The same goes for personal things you know about other employees – keep your lips zipped. Word travels fast, and you don’t want a two-faced cohort to use your gossip to ruin another co-worker’s career.
#5 Go easy on the booze
Stopping yourself from spreading secrets when sober likely won’t be too difficult, but for many people, alcohol can act as a sort of truth stimulus. Therefore, when spending time with co-workers, you must avoid getting to the level of drunkenness at which you no longer have a filter, and are just blurting out anything that comes to mind.
You’ll actually avoid a lot of potential embarrassment by staying semi-sober, as you surely don’t want to be known as the person who had a little too much wine and stripped down to their underwear at the boss’s birthday soiree.
#6 Competition isn’t always healthy
Between co-workers, a little bit of competition is bound to occur naturally. You and a pal may, unavoidably, both be in consideration for raises or promotions at the same time, or if you’re in a line of work in which everyone’s performance is constantly measured against that of others, comparisons between the two of you may be inevitable.
While you should never put your career on hold for the sake of a friend’s, you’ve got to resist the temptation to make every workday an exercise in one-upmanship. You’ll likely achieve your best results if you remain focused on your own performance, so if a friend gets some sort of special recognition, just congratulate them briefly and move on with your day.

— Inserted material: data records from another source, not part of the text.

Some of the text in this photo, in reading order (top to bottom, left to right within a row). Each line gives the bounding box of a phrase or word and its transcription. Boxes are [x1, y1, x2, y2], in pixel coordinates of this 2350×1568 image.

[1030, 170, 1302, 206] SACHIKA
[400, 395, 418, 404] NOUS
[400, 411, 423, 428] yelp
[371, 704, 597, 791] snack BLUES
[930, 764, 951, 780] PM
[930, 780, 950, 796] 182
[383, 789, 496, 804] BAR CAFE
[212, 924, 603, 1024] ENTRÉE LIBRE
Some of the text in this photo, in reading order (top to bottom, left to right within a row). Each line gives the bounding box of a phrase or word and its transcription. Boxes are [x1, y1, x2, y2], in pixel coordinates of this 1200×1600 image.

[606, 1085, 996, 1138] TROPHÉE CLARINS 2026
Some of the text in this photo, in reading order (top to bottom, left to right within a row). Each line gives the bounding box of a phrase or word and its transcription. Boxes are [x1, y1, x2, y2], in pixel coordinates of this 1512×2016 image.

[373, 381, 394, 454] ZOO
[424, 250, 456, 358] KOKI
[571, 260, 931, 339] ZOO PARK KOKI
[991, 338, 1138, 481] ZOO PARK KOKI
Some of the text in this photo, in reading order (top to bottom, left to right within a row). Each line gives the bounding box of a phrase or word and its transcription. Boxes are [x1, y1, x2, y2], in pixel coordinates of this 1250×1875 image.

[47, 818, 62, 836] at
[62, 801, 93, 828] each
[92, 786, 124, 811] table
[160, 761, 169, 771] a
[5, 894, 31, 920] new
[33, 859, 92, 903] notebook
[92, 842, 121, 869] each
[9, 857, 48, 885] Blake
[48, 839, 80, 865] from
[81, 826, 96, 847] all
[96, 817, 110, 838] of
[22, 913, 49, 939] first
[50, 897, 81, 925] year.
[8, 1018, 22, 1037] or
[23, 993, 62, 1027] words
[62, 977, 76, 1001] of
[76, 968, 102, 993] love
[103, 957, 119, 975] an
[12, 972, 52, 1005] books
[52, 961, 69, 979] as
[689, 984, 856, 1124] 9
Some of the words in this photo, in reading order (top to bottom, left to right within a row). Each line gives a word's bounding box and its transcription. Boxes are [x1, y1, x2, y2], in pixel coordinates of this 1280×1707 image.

#7 Friends doesn’t mean friends with benefits
Of course, some of the people you become friends with at work will likely fall within your gender of romantic interest, and there’s a good chance you’ll find at least one or two of them attractive, but don’t express your lustful feelings by jumping into the sack with a co-worker.
Dating someone you work with is hard enough, but having a friend with benefits at work can be even tougher. You may think you can remain emotionally unattached, and then find yourself crying silent tears of agony when they move on to someone else.
A friends with benefits scenario might end on an even worse note if your sexy colleague happens to be your superior. They may become ticked off if you decide to end the fun, and take their annoyance out on you in a variety of offensive, career-damaging ways.
#8 Too much togetherness: just say no
One way to make a work friendship go stale quickly is to spend way too much time with another person from work. If you see Julie or Tim every weekday, you don’t need to be with them on Saturday and Sunday as well.
Seeing anyone six or seven days a week will cause you to tire of them pretty quickly; then, everything they do, including the way they slurp their coffee and the extra-noisy manner in which they staple documents, will get on your last nerve.
To stop this from happening, you need to know when to put a little bit of distance between yourself and your company amigos, and catch up with other friends instead. After all, the old saying, “Distance makes the heart grow fonder,” doesn’t only apply to lovers.
If you’ve managed to stay out of all the sticky workplace situations mentioned here so far, congratulations!
You’ve successfully mastered the art of being “friends-at-work.” On the other hand, if these unfortunate scenarios sound like they were lifted directly from your life, you’ve got to make a conscious effort to change your behavior.
Remember, your actions are always up to you! Once you redraw those essential boundary lines between you and the friends you work with and keep these 8 tips on how to be friends with your co-workers in mind, you’ll easily be able to balance your personal and professional needs, and enjoy the best of both worlds!